I can feel the sand beneath my feet

And I know this must be a dream

For I haven’t felt this way in a long time

And time doesn’t feel so mean

I can hear the ocean and the sound

Of the crying seagulls

I can hear the bristle of the trees

And the absence of technology’s lulls

However, all good dreams must end

And I can feel life pulling me awake

But I’ll never forget the ocean and sky

And when time slowed for my sake


A small, tranquil poem written in a moment of passing time. I think about the ocean a lot, more than I think I should. Maybe one day I’ll find a home, big enough for one, and retire by the water’s edge. However, that might just be a dream.

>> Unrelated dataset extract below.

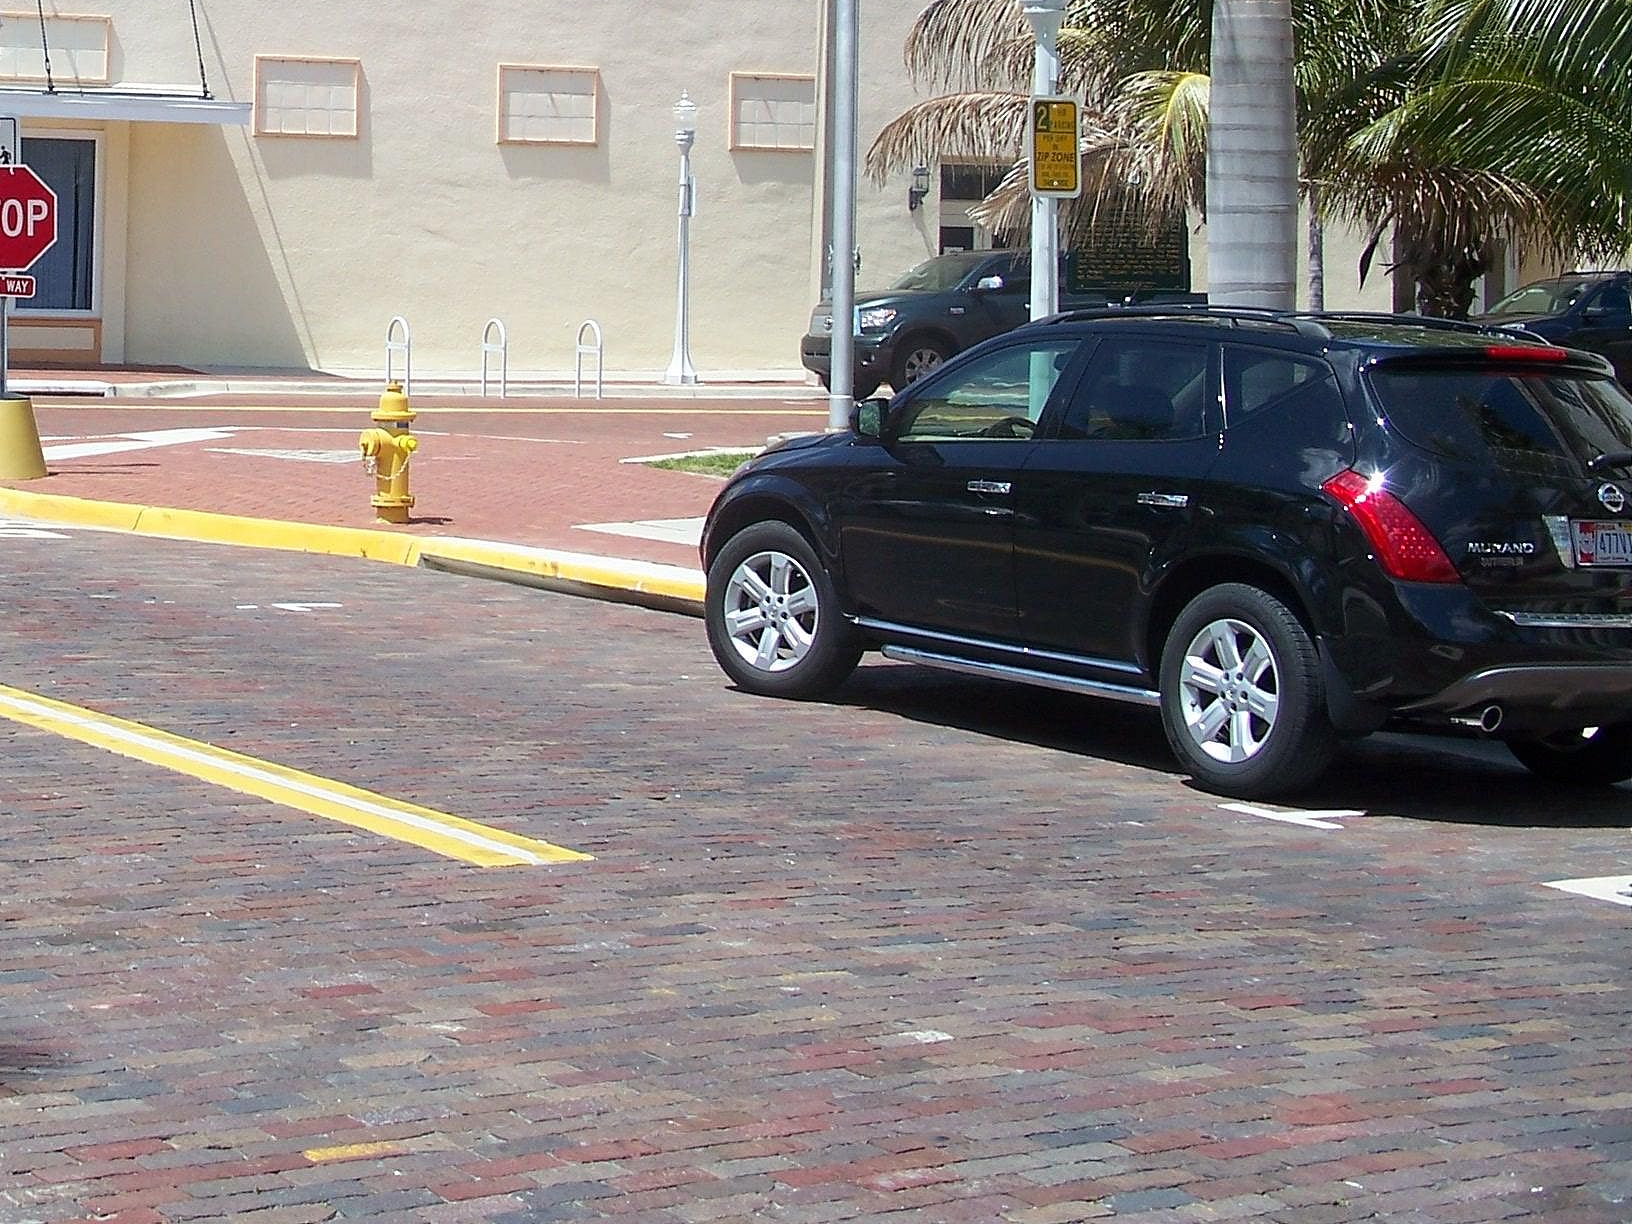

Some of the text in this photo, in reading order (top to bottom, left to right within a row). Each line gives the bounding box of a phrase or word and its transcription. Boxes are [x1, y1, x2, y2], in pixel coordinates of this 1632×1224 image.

[1037, 105, 1048, 129] 2
[1037, 152, 1074, 162] ZIP ZONE
[6, 279, 29, 293] WAY
[1468, 542, 1535, 554] MURANO
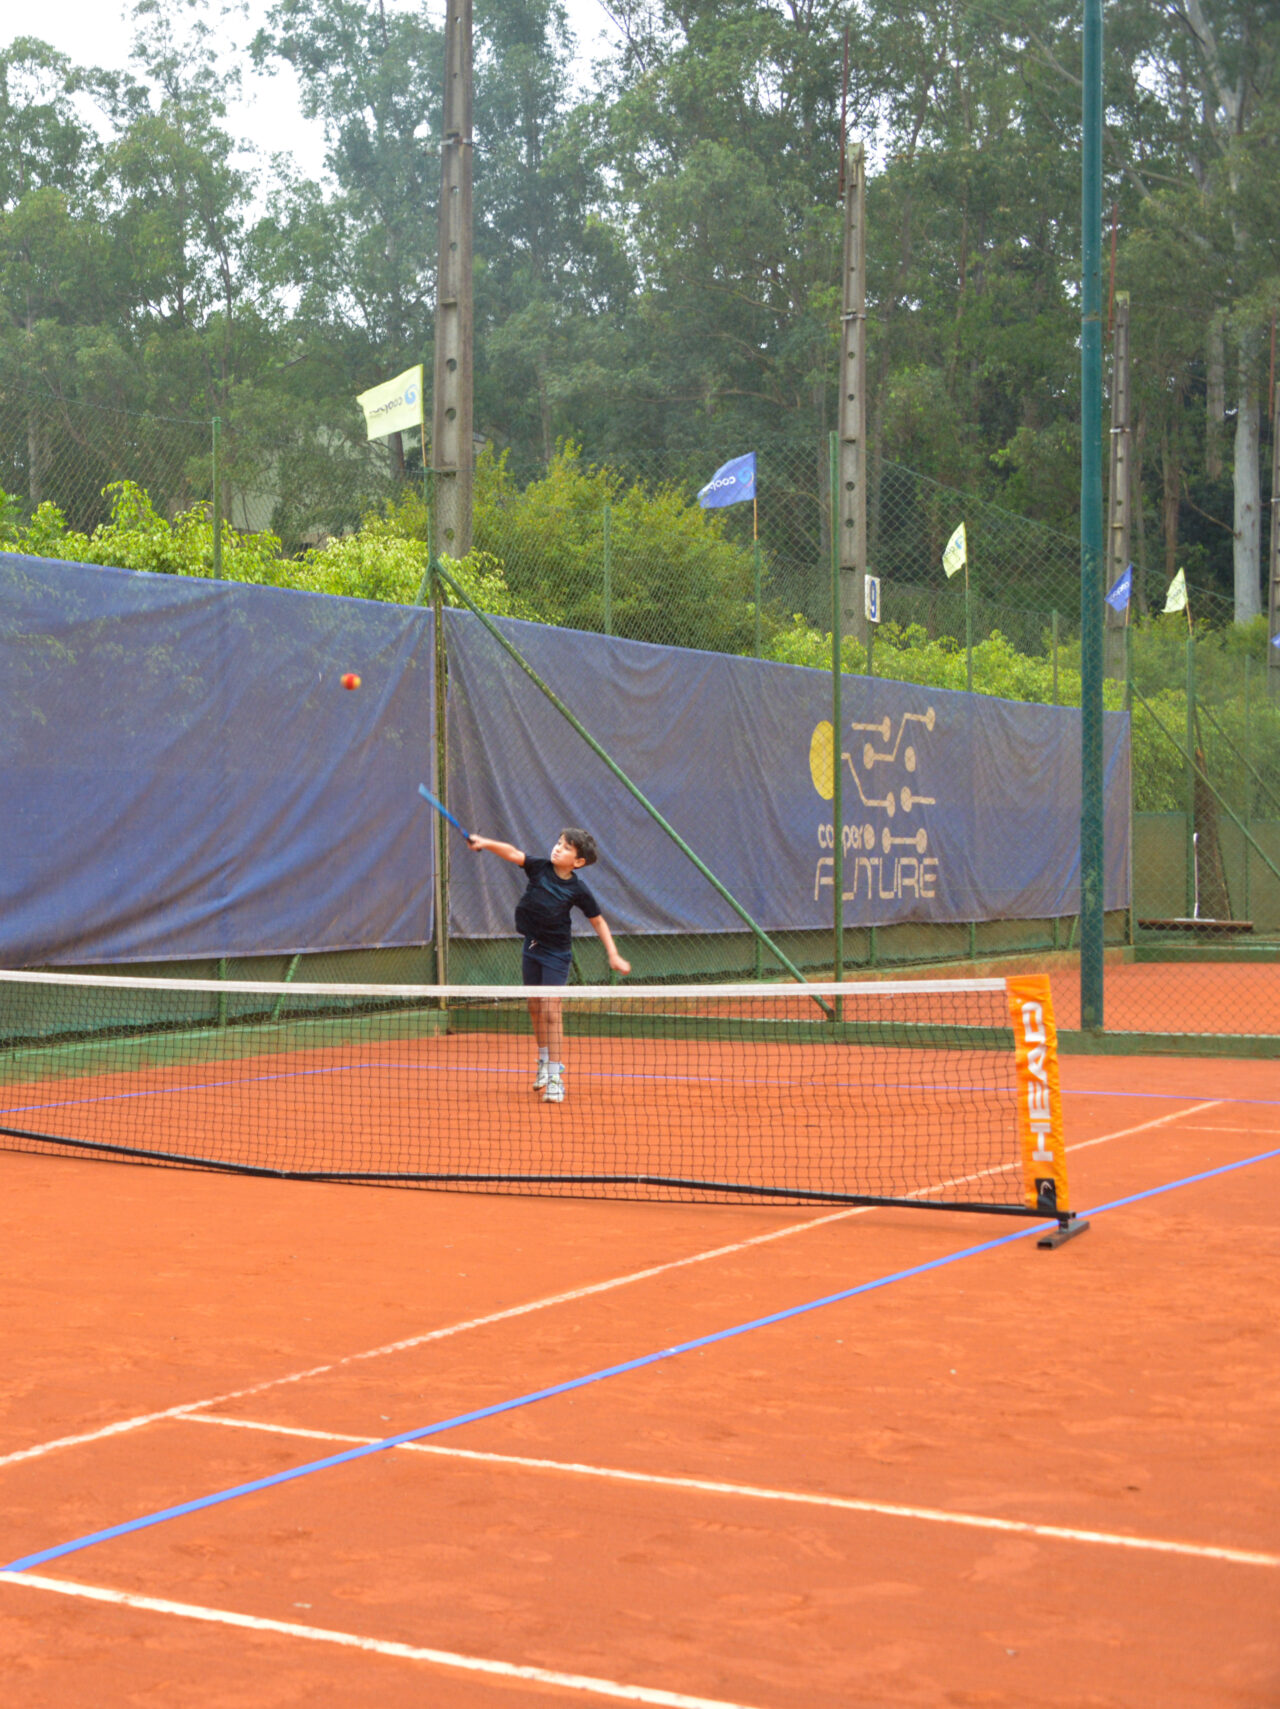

Sometimes my anger scares me.

It sits like an unwanted joke

And reminds me everyday of what I can do

What I did

How I risked hurting myself over others

And still have the scars from that time

I love living life like a fire but sometimes I worry that the fire will consume me

That I am not enough to hold it at bay

That I am not enough

However, what I fear more than anything is my fire turning into ash

Or water

And being choked by that instead


I apologize for my impromptu hiatus; much has jumbled with my creativity. This poem was written awhile ago, yet I still recall the first line quite often. Emotions should never reign supreme, but sometimes they become too much to handle. That is when we turn to creative outlets, and I hope this poem did that for me. Turned my fire into a candle into a flicker.


The Present

I feel a little cold.

And a little angry.

I feel a little scared

And mostly alone.

I feel that chill seeping deep into my bones

I can feel it making a home around my heart

Just as it did

One month apart

Seems like forever to me

And now I’m limited on how to be free

And I don’t quite feel like I’ve got my future right

I feel like I’ve kind of lost my foresight

And it makes me a little scared.

And a little mad

I feel like raging, but then feel bad

Who am I to want to cry?

I’ve got a great life, so why?

Why am I angry and why am I sad?

Why do I mourn something I never had?

Maybe I’m making it up for the show

But it feels more like I’m trying to hide a blow

And feeling guilty for the bruise someone else left

But I couldn’t possibly let this make me bereft

Over everything I own

So I’ll enjoy what I have

And stop staring at the ceiling

Wondering how I got so sad


This is a very personal poem for me. I wrote it during an emotional time, a damaging time, and I believe I capture most of what I feel through the lines. Felt. I would like to change my style, and I believe I will soon. Writing sad poetry only constructs sad thoughts, surprisingly.


We Are Human

We are human.
We will break your hearts and mend them in the same smile
We will melt your souls with our laughter
And you will tremble at our beauty
We are the baristas that make you flustered with a wink
The subway commuters you share a single glance with
We are human.
We will fight you until our knuckles bleed
And we will scream obscenities in our wake
We will drink and make jokes that turn people red
And we will not apologize for being so
We are human.
We will immortalize our stories
Or eviscerate you in our fiction
We will create the cure or the cause to your destruction
We will mix our emotions with yours until we are one giant, melting mass of humanity
We will lead nations
And burn cities
We will take everything you thought you knew about society and turn it upside down
We are human.
No matter what your government says
No matter what hate speech tries to silence us
Whatever muzzle society decides to give us next
We will break through
Tooth and nail
Claw our way up from the depths of prejudice
And we will come for you
I will come for you
Because I. Am. Human.


This is a rather angry poem, but I was angry when I wrote it. I think it can be applicable to many things, although I did have something in mind when I wrote it. Think of yourself when you read this. Think of whatever stereotypes hinder you, or whatever people say. Release that anger, whether through verse or energy or song, release it. In the end, it does nothing to hold onto it.

short stories

Would You?

“Would you?” I looked up from my paper bags, all neatly lined up in rows based on delivery location. Harmony stared back at me with a level gaze. Everything Harmony did reminded me of a firework explosion, always intense and sharp. However, she handled the hunger with a patience I didn’t see in most.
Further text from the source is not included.